If you’re going to collect and show garden tractors, it doesn’t take long to realize you need a trailer to transport them to shows. And, as a side note, no matter what size you purchase, it will be too small—just like the building you build for storing them. When we became serious about collecting and displaying Cub Cadets, my wife and I purchased a 6 ½ by 14 foot trailer with a 4 foot ramp/tailgate. (Of course the trailer is too small!!) To make the most efficient use of the limited space, I marked off a 6 ½ by 14 foot area on a concrete pad and experimented with different configurations to determine the most efficient loading arrangement for our various tractors and attachments.
Because not every tractor runs all the time and some attachments are very heavy, the first order of business for any trailer should be a winch. Even a small winch is better than no winch.
Besides the addition of a winch to our trailer, one other problem soon became obvious. It was going to require some sort of method to secure the tractors in these various arrangements. Although the trailer has a 12 inch high railing around three sides, it was going to be necessary to provide additional attachment locations for the ratchet straps. A little research showed that a lot of collectors used rope rings bolted to the trailer floor at various locations to accomplish this task. I didn’t particularly like this idea since the same tractor with the same attachment would always have to be in the same location and properly aligned with the ring. I wanted more flexibility.
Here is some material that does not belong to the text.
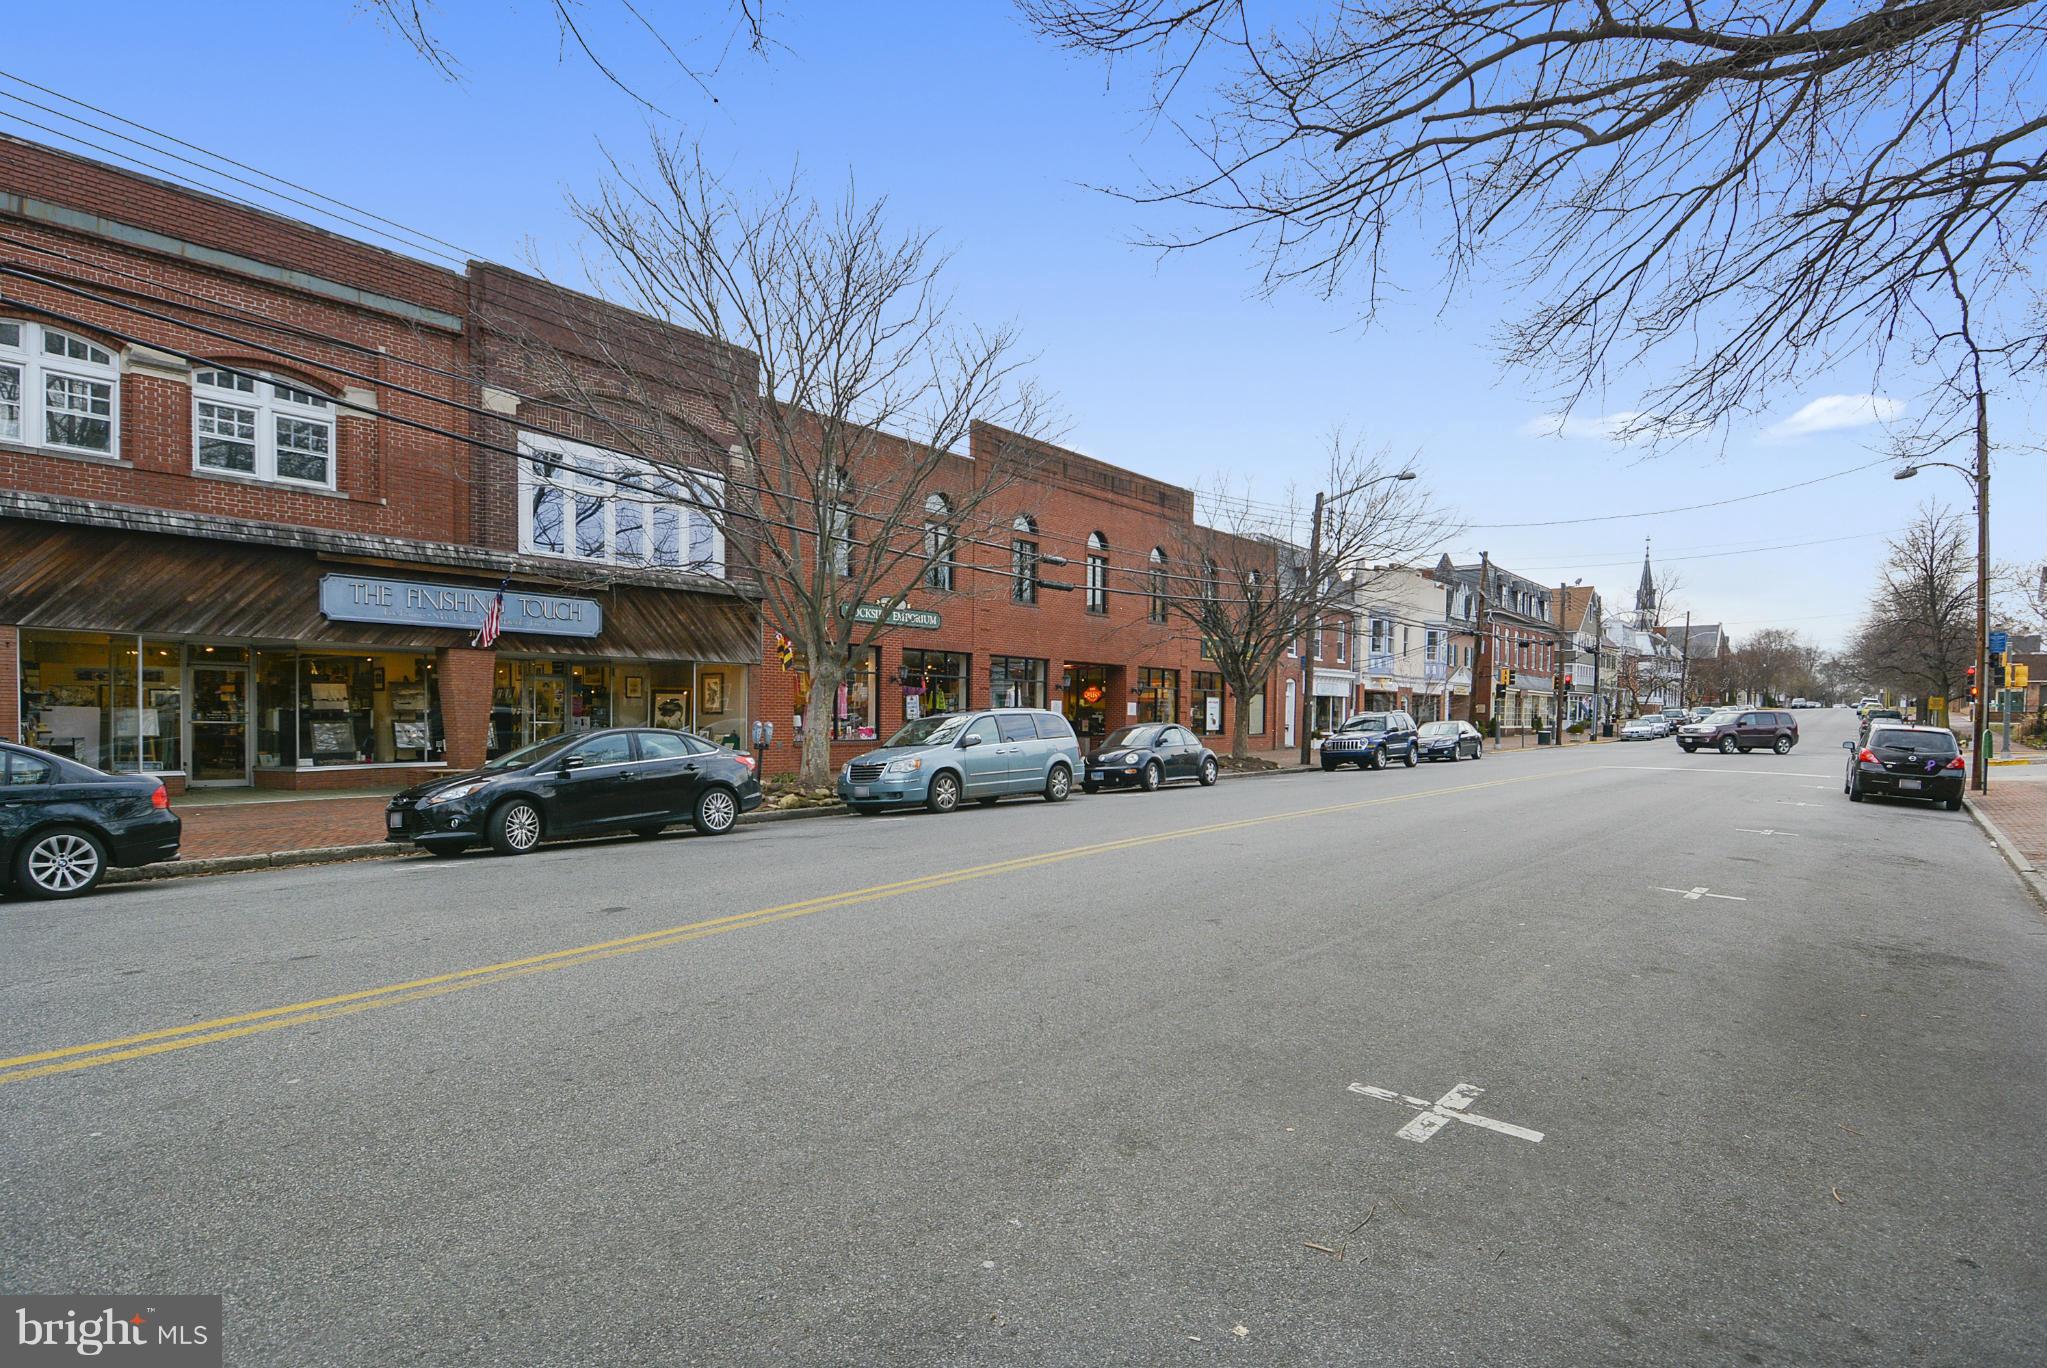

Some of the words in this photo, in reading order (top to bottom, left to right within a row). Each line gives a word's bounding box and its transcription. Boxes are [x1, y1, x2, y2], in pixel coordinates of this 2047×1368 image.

[349, 582, 393, 607] THE
[519, 598, 582, 621] TOUCH
[893, 611, 937, 625] EMPORIUM
The method I settled on involved installing brackets along the side rails which allowed me to place an angle iron across the trailer from side to side. The bracket just consisted of a flat piece of metal bolted to the trailer side with enough clearance to slide the angle under and drop a pin through to secure the angle in place.
With a little experimentation and measurement, I located several of these brackets along each side of the trailer. Depending on the size of the tractor and attachment, I pick the proper location for the angle iron that can be used to secure the tractor in position and drop a pin through to hold it in position.
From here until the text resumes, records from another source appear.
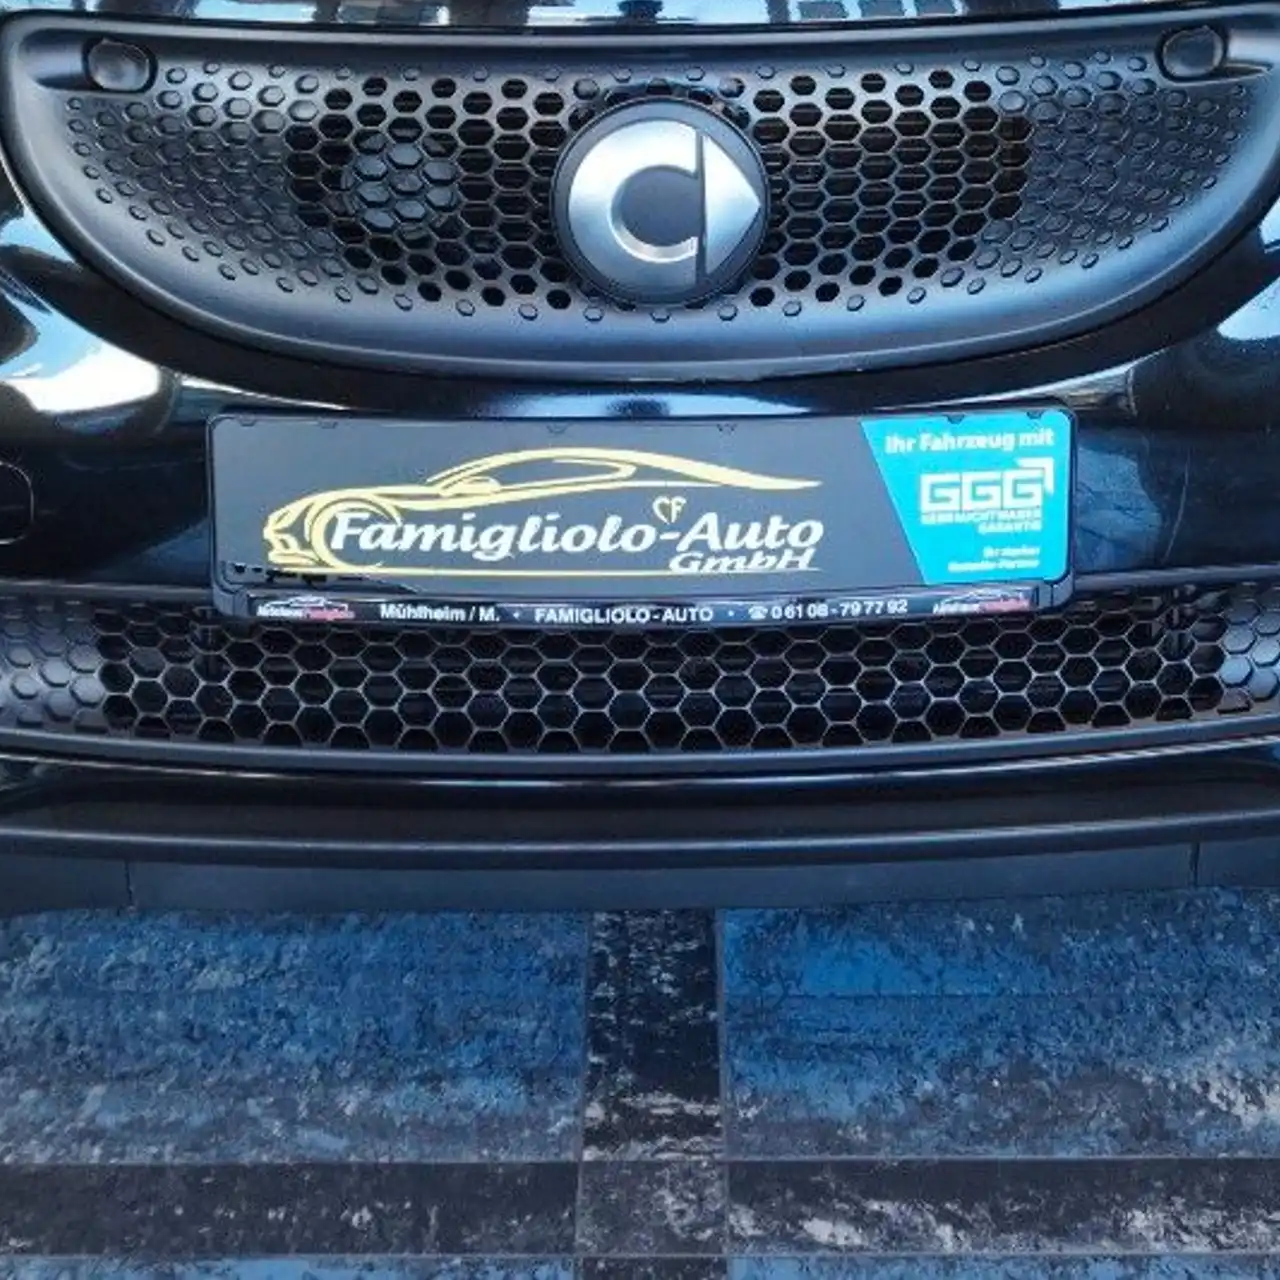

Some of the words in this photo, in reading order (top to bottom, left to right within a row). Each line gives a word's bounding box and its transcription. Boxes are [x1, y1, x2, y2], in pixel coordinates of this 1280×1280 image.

[919, 431, 1016, 452] Fahrzeug
[1019, 427, 1056, 447] mit
[920, 468, 1044, 513] GGG
[330, 511, 825, 563] Famigliolo-Auto
[669, 547, 817, 573] GmbH
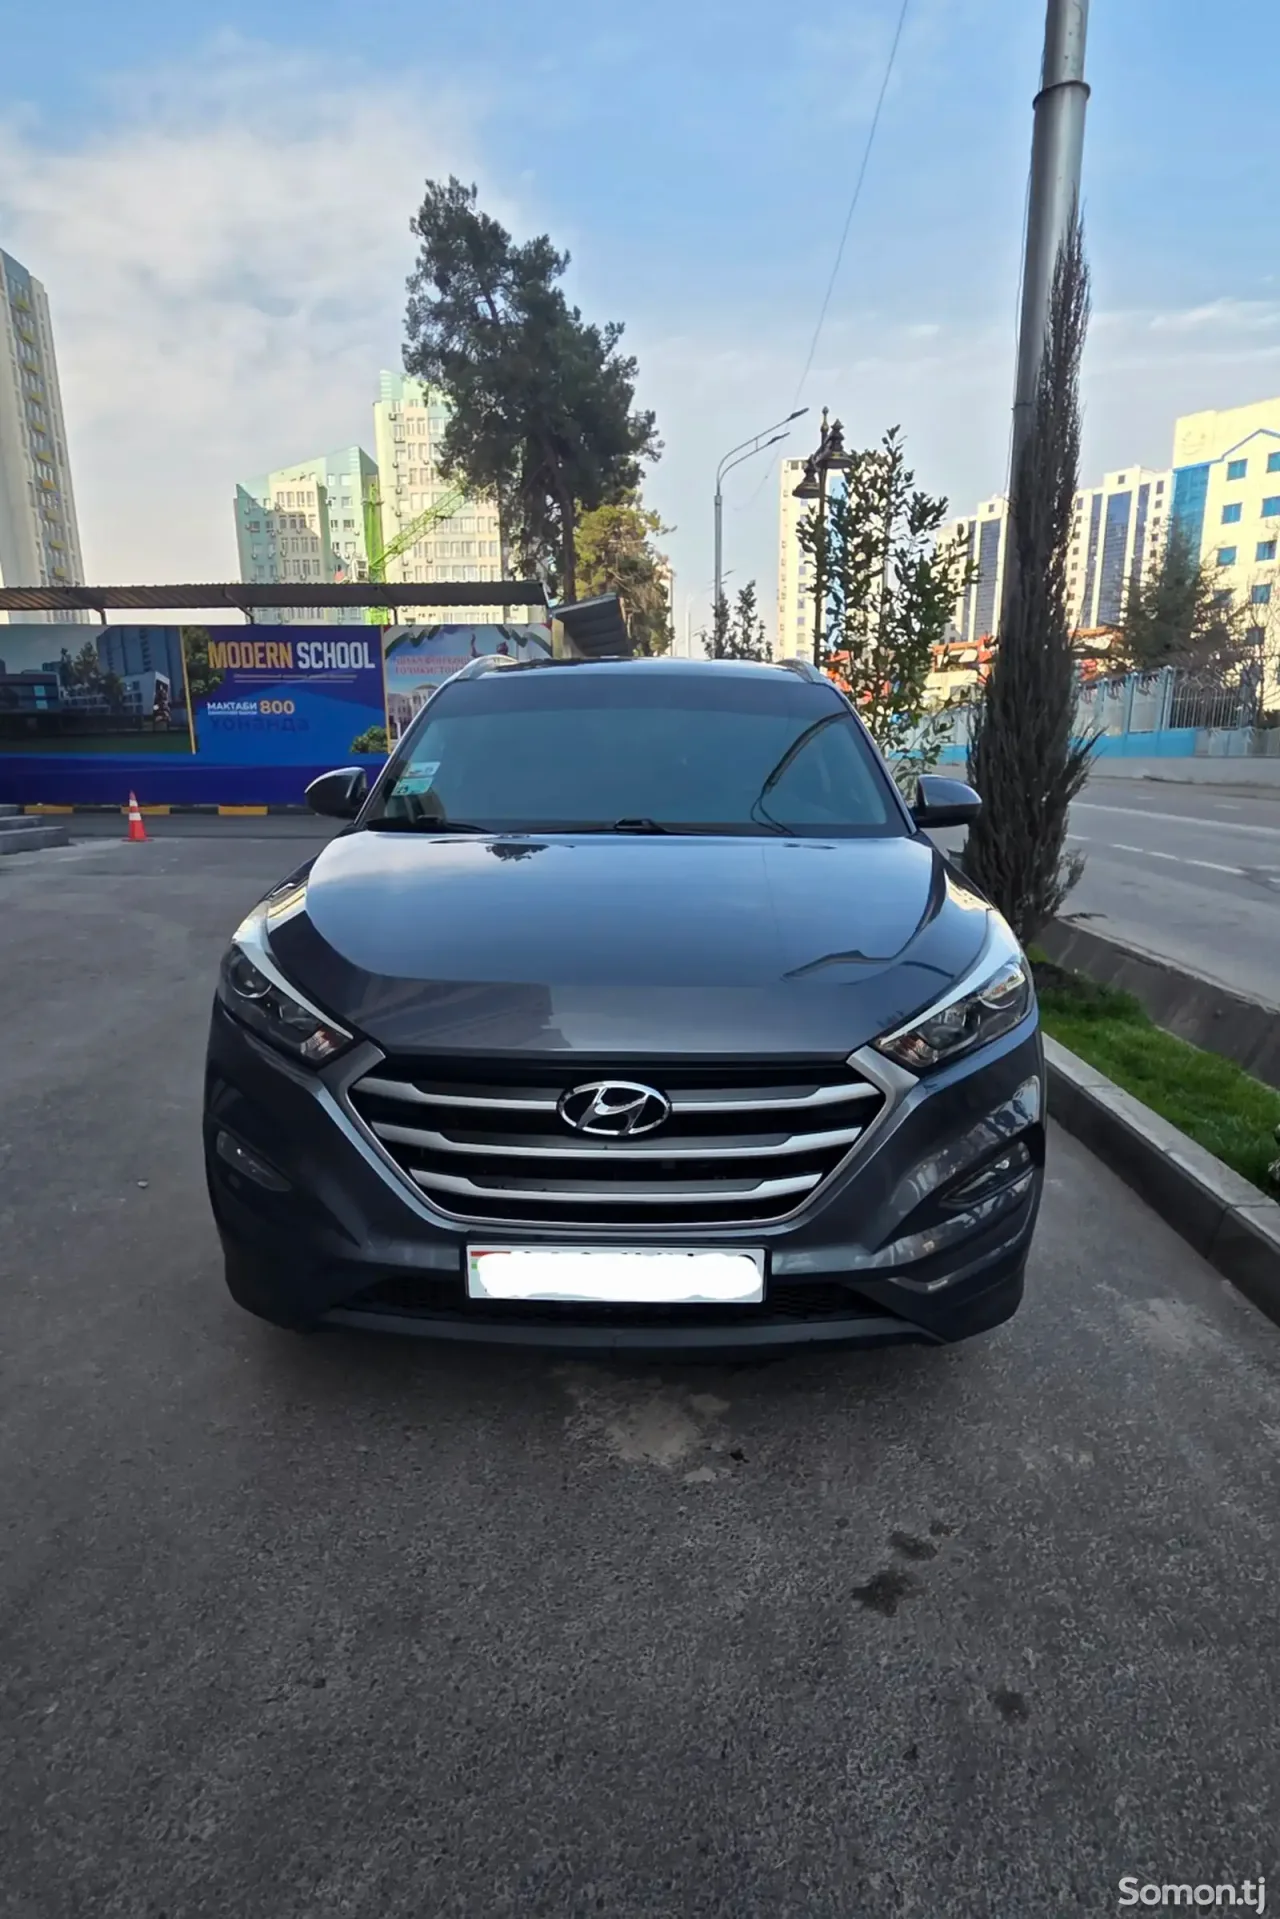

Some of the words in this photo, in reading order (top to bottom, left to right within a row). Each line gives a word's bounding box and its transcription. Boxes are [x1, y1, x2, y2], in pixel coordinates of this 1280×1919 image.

If I determine a better configuration or obtain another tractor that doesn’t fit the current arrangement, I can just add another bracket to the tractor rails and I’m back in business – ready to load up and head to another show.
There was one major drawback to my solution for securing tractors. As I’ve gotten older, that 4 foot tailgate has gotten heavier. At least it seems that way. The brackets I’ve added to the side rails are in the way of installing most commercial tailgate lift assist systems. I toyed with the idea of adding some sort of spring system that extended under the trailer, but the cabling became pretty complicated. When I saw the “Gate-R Lift” setup, I knew I had to try that method instead. That system uses a short spring mounted under the side rails that connects to an angle bracket connected to the rear gate. It is a very compact system.
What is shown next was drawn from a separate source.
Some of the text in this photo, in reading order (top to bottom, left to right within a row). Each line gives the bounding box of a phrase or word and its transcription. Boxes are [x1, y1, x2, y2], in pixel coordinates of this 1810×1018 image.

It took a year of searching at flea markets, but I finally found a spring that I thought would work. I had to weld an additional section of 2 inch angle to the rear gate where the angle bracket would connect to make a box section to prevent twisting and add strength.. I bent the “L” bracket for the rear spring connection and bolted it in position. (I only weld when there is no other choice.) I originally used a C-clamp to hold the bracket in position to experiment with different locations for the best result.
The location of the “L” bracket required that I make a longer pin to hold the tailgate in the raised position.
I used a length of chain with the spring and experimented with different chain lengths to get what I thought was the optimal lift assistance.
I was pleased with the results over the limited range of the spring. From the lowered position to about 30 degrees above horizontal, the system worked great. But from 30 degrees to vertical, the spring provided no help. (But, it made a huge difference to that point.) Since I’d searched so long to find this spring, I knew there was no use searching for another, longer, better suited spring. Instead, I added a smaller, weaker spring to add lifting assistance for that last section. Again, with some experimentation, I determined where to anchor the additional spring.
The chain limits how much this smaller spring can be stretched. It adds a little assistance when the gate is lowered all the way, but mainly helps after the larger spring is no longer effective.
I added a cable that runs through both springs and secured it at both ends for safety in case either spring breaks or comes unhooked while in the extended position.
I have made one other simple, probably obvious, modification to the trailer. It was always a problem finding a place to store the pins that hold up the tailgate when it was in a lowered position. We were continually losing track of them.
We struggled with that for several years, until I came up with an obvious solution. I drilled two holes in the angle that supports the trailers rear lights. Both pins can now be safely stored there while we’re loading and unloading tractors and attachments.
That’s it until I think of something else or see something clever that someone else has done.
So, in the meantime, Happy “trailering”.